Ovarian cancer specialists around the country are increasingly excited about the new treatment possibility of PARP inhibitors, and one reason is that more and more research is finding that there is some benefit for many different kinds of patients.
Most recently, the American Society of Clinical Oncology (ASCO) released new guidelines recommending PARP inhibitors be offered to women, with or without genetic mutations, who are newly diagnosed with stage III or IV ovarian cancer and have improved with chemotherapy.
This class of drug has been shown to provide benefit for patients with ovarian cancer as part of an initial plan of treatment. PARP inhibitors are primarily still used in women whose disease has come back, or as part of an ongoing course of treatment called maintenance therapy. In maintenance therapy, women whose ovarian cancer has recurred take PARP inhibitors following 4-6 cycles of platinum-based chemotherapy. The goal: keep the cancer in remission for as long as possible.

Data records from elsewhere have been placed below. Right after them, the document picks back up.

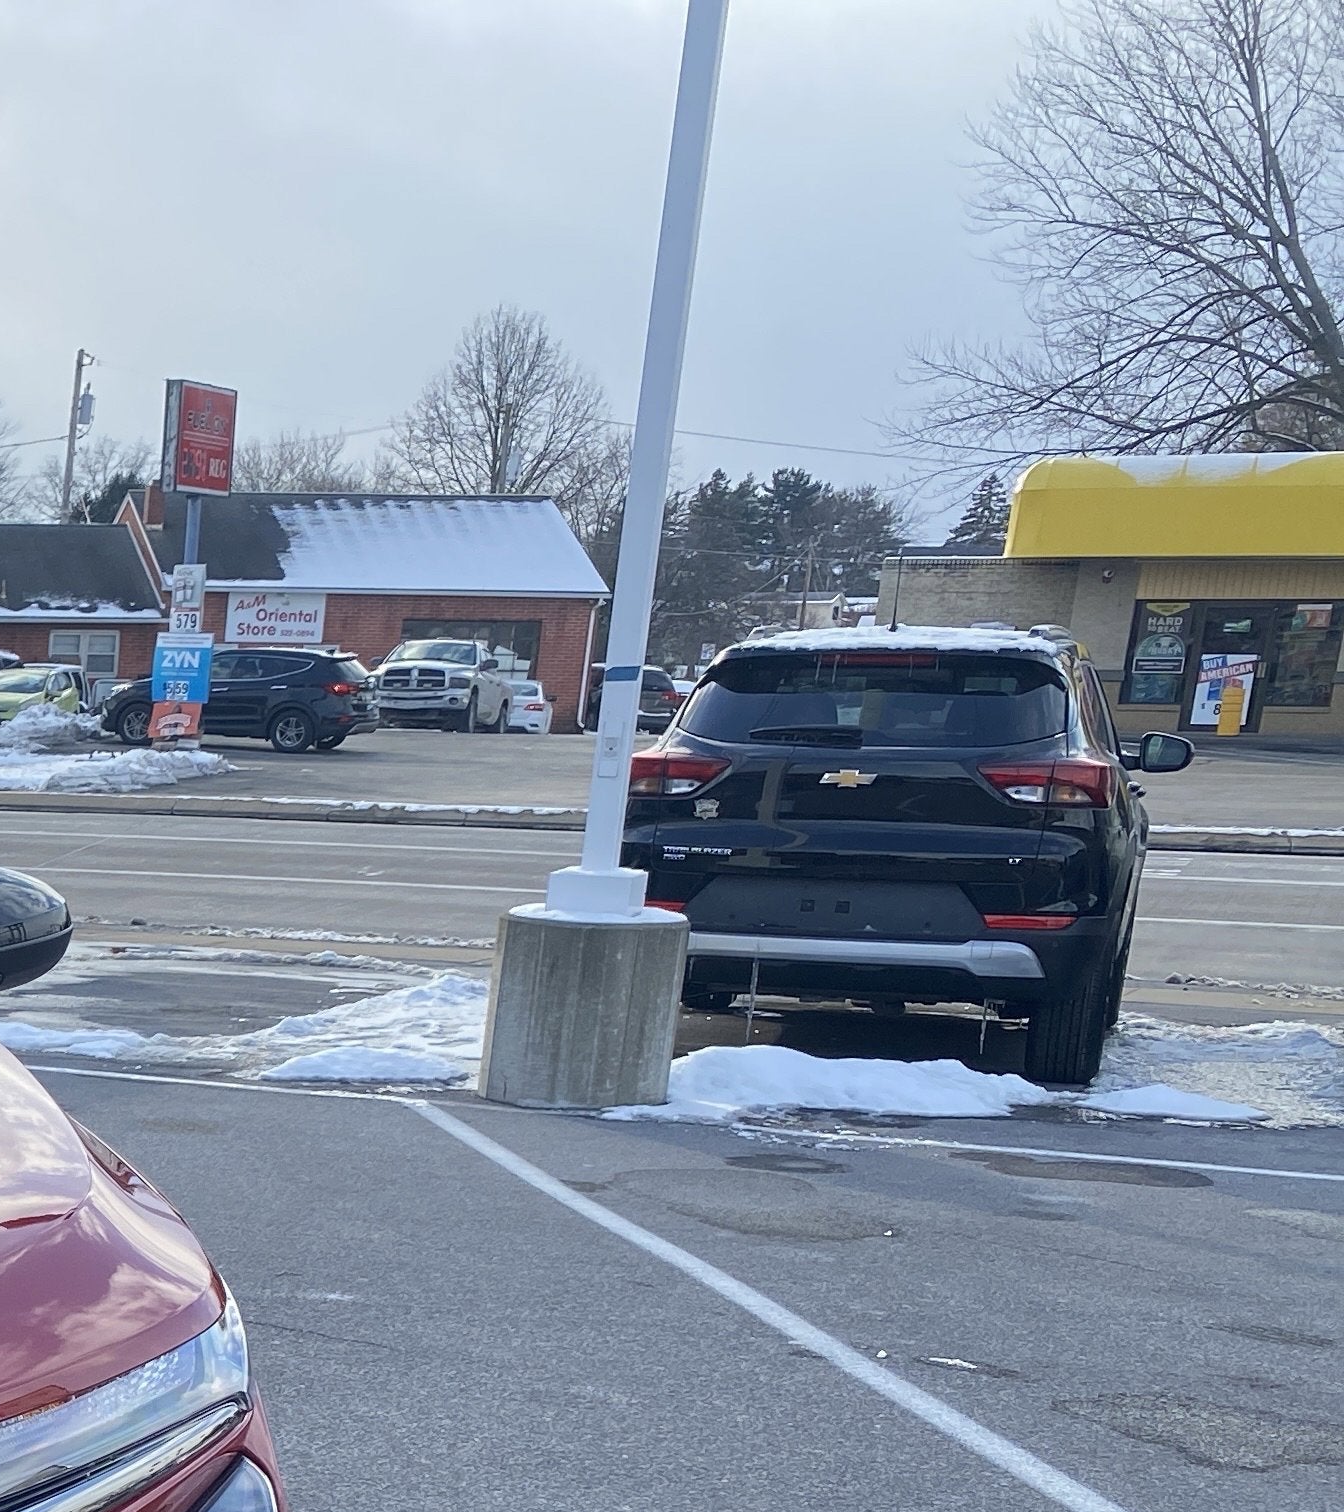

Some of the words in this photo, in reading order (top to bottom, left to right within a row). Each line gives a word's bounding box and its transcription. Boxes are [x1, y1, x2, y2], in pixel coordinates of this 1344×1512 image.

[208, 458, 227, 479] REG
[176, 613, 197, 628] 579
[256, 608, 318, 623] Oriental
[1148, 617, 1183, 626] HARD
[237, 623, 276, 636] Store
[161, 651, 201, 668] ZYN
[1202, 658, 1224, 670] BUY
[1200, 663, 1254, 682] AMERICAN
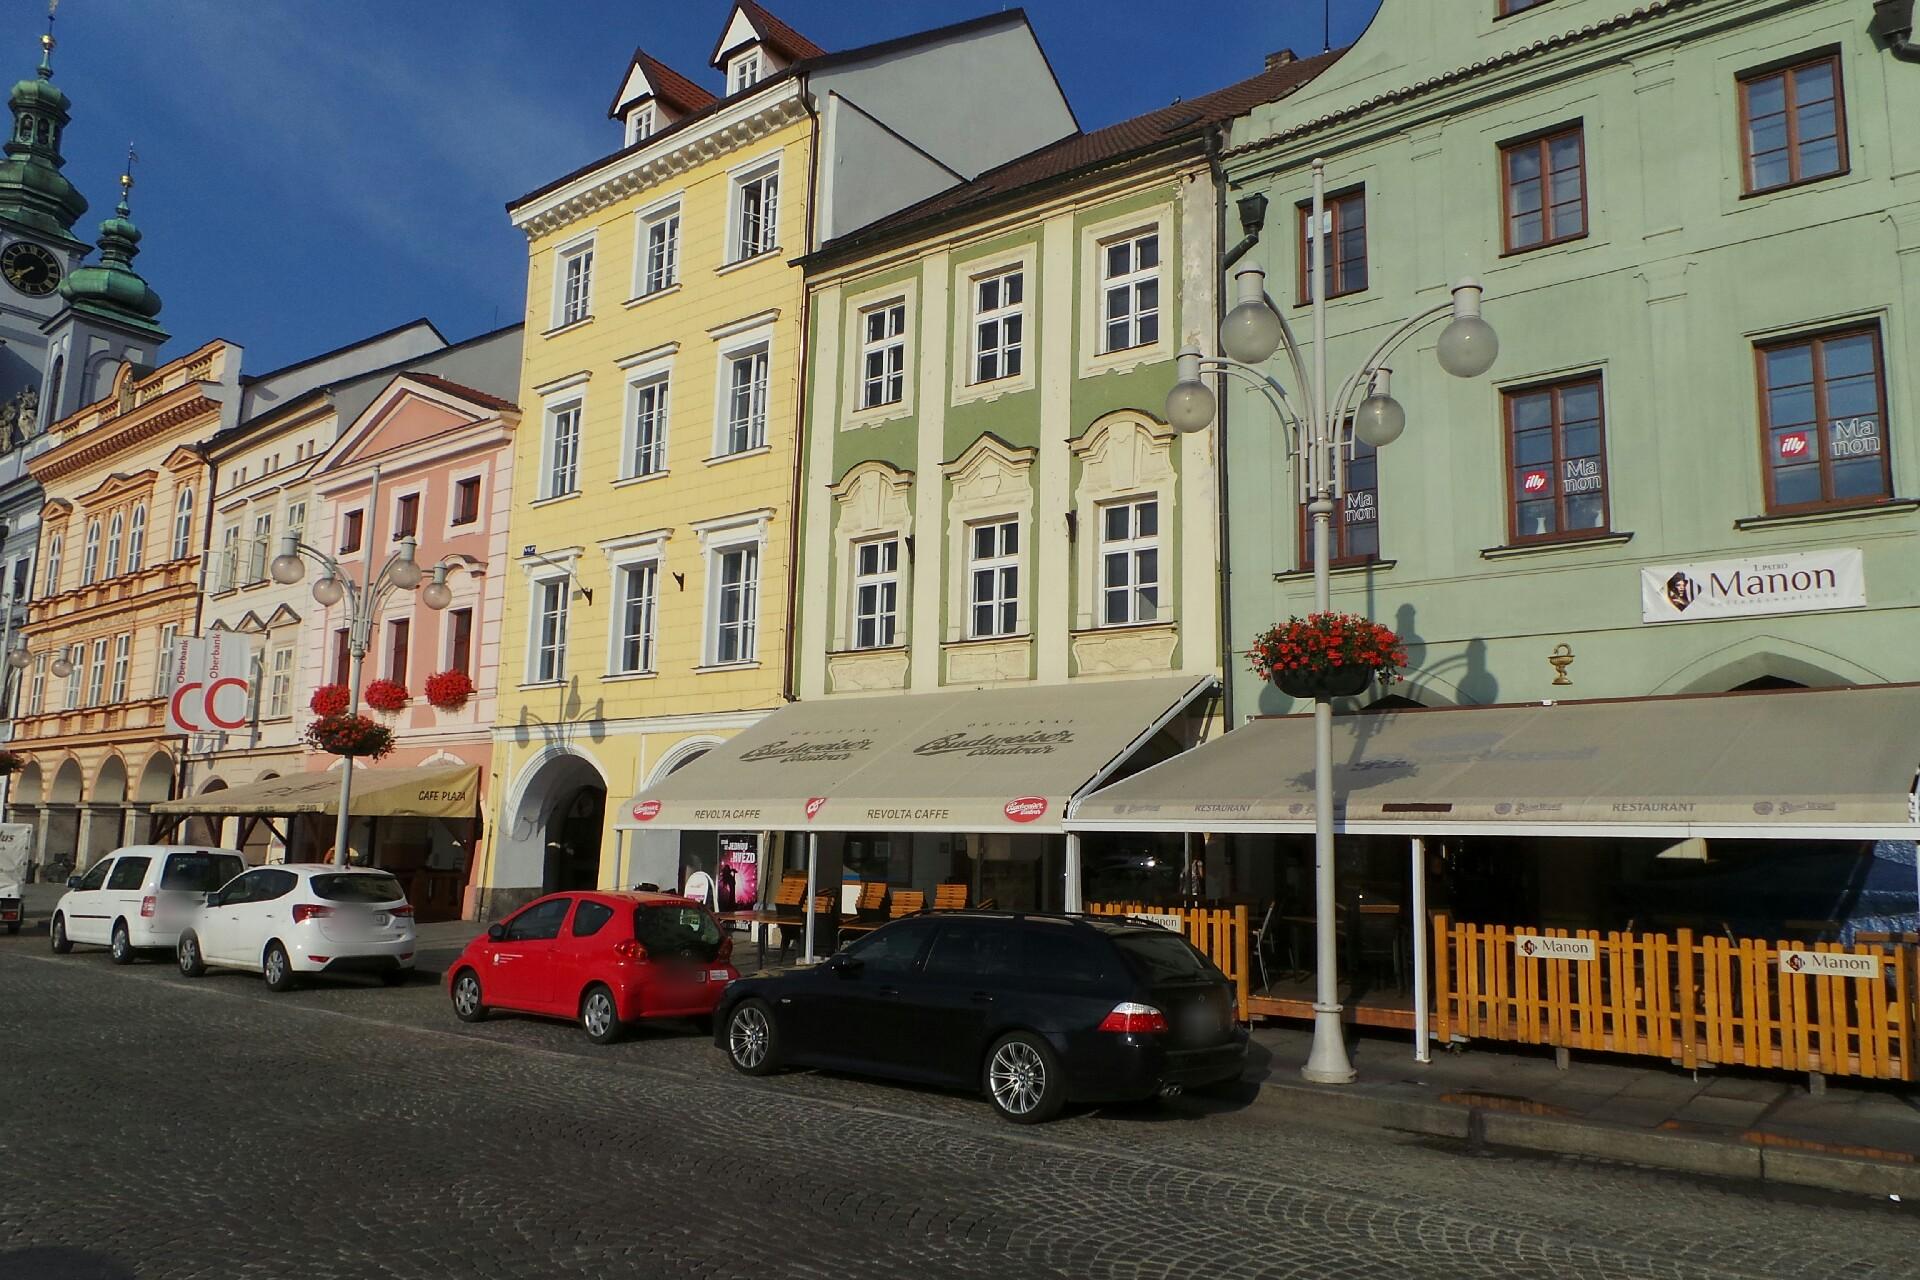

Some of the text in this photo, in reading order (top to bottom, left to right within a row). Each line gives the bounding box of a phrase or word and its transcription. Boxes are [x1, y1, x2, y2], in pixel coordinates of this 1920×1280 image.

[1836, 418, 1875, 438] Ma
[1782, 438, 1806, 453] illy
[1832, 437, 1881, 456] non
[1567, 459, 1598, 477] Ma
[1525, 475, 1545, 490] illy
[1563, 476, 1601, 492] non
[1347, 492, 1373, 508] Ma
[1345, 507, 1376, 521] non
[1710, 568, 1836, 597] Manon
[176, 640, 188, 684] Oberbank
[209, 633, 221, 679] Oberbank
[418, 790, 466, 801] CAFE PLAZA
[694, 809, 760, 819] REVOLTA CAFFE
[867, 809, 949, 819] REVOLTA CAFFE
[1194, 804, 1252, 812] RESTAURANT
[1612, 803, 1697, 812] RESTAURANT
[1542, 940, 1588, 953] Manon
[1812, 955, 1870, 970] Manon

One of the key things to know about PARP inhibitors is that your genetic makeup and specific features of your cancer will have a significant impact on how effective these drugs may be. Experts tell SurvivorNet that every women with ovarian cancer should get a genetic test to determine if they have a mutation called BRCA, because the mutation enables PARP inhibitors to function much more powerfully. Importantly, there is increasing data that even women without BRCA mutations can still derive some benefit from these drugs.
Again, it’s really important to know that many doctors are still getting comfortable with PARP inhibitors, and because the research is developing so quickly, your genetic makeup and the stage of your cancer may well make you a potential candidate.

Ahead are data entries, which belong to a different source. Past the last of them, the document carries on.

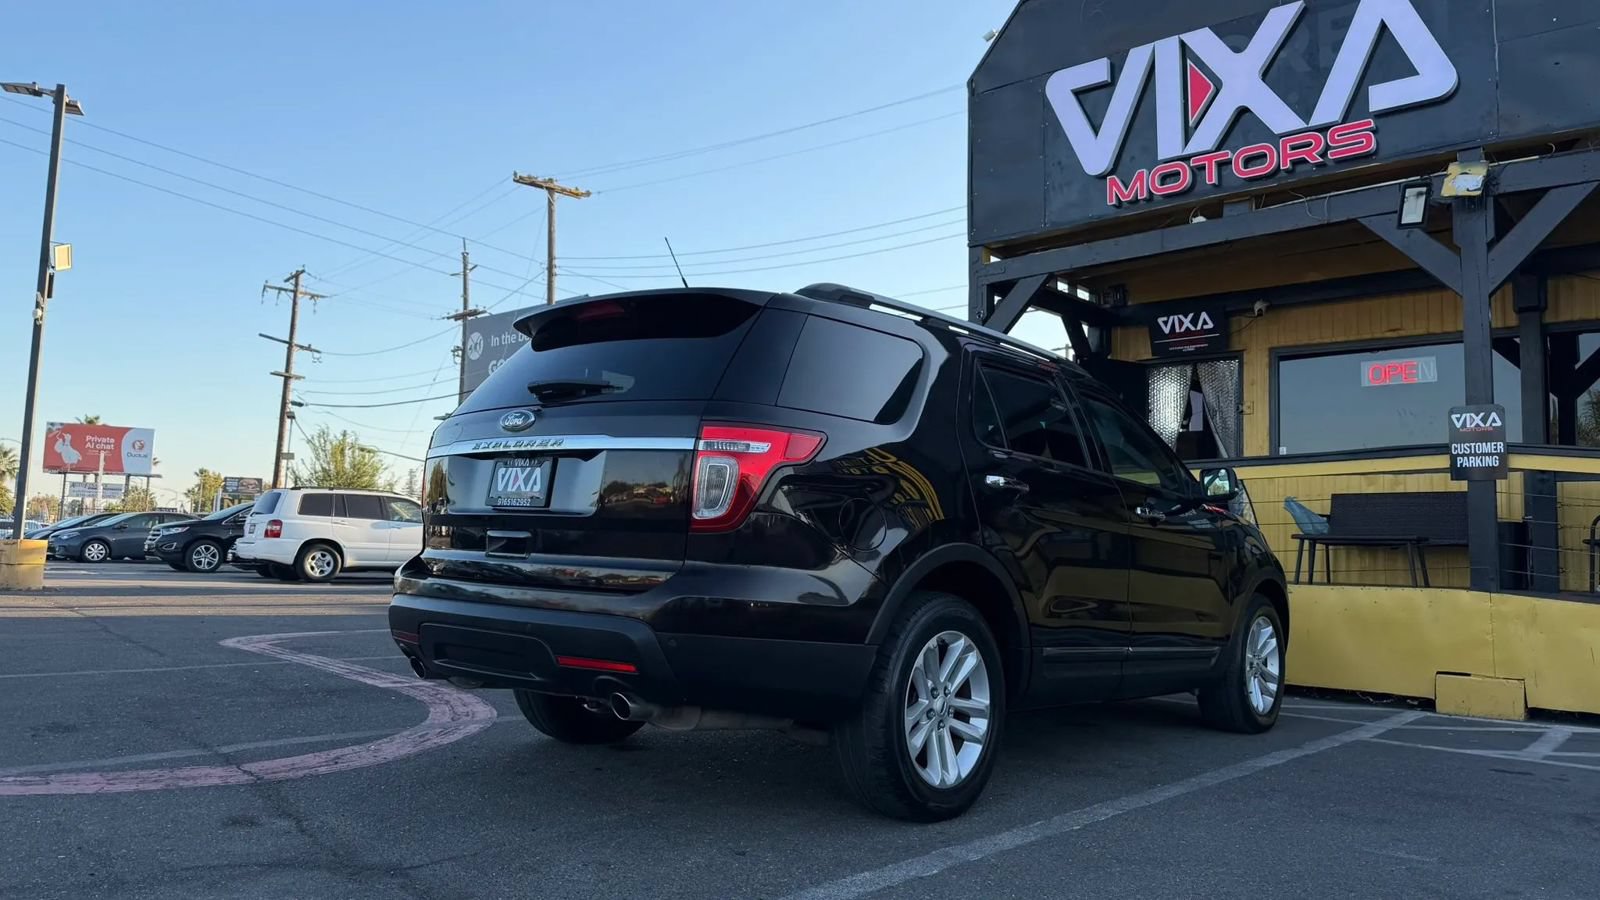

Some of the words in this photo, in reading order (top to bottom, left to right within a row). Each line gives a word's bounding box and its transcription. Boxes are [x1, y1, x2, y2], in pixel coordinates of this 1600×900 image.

[1045, 0, 1460, 176] VIXA
[1106, 118, 1378, 206] MOTORS
[1157, 311, 1214, 335] VIXA
[491, 335, 500, 348] In
[501, 331, 517, 345] the
[1368, 360, 1435, 385] OPEN
[504, 412, 525, 426] Ford
[1450, 411, 1503, 429] VIXA
[86, 434, 115, 444] Private
[96, 442, 115, 450] chat
[472, 438, 564, 450] EXPLORER
[1451, 441, 1504, 455] CUSTOMER
[1456, 455, 1500, 468] PARKING
[497, 467, 541, 492] VIXA

But which patients should take PARP inhibitors for this kind of maintenance?
PARP inhibitors are best used in women as maintenance therapy if they’ve responded well to platinum-based chemotherapy. These types of patients are known as ‘platinum-sensitive’, meaning they responded well to a chemotherapy that uses platinum as its base.
PARP inhibitors are approved for use for women who have had a response to what’s called a platinum-based chemotherapy.
As we said, women with BRCA mutations respond best to PARP inhibitors. But why? Tumor cells with BRCA mutations have problems repairing DNA already, and the PARP inhibitors make that worse, causing cancer cells to die. Nonetheless, women without BRCA mutations at all have still shown more benefit as compared to observation or ‘watchful waiting.’
Ultimately, while PARP inhibitors can be beneficial for many women with ovarian cancer, it doesn’t necessarily mean everyone should take them. There are some significant side effects to consider, and thus, the decision to take PARP inhibitors should be made in consultation with your individual oncologist.
PARP inhibitors are an important therapy that traditionally were used after a recurrence of ovarian cancer. Now however, they are also being used for maintenance therapy after initial treatment.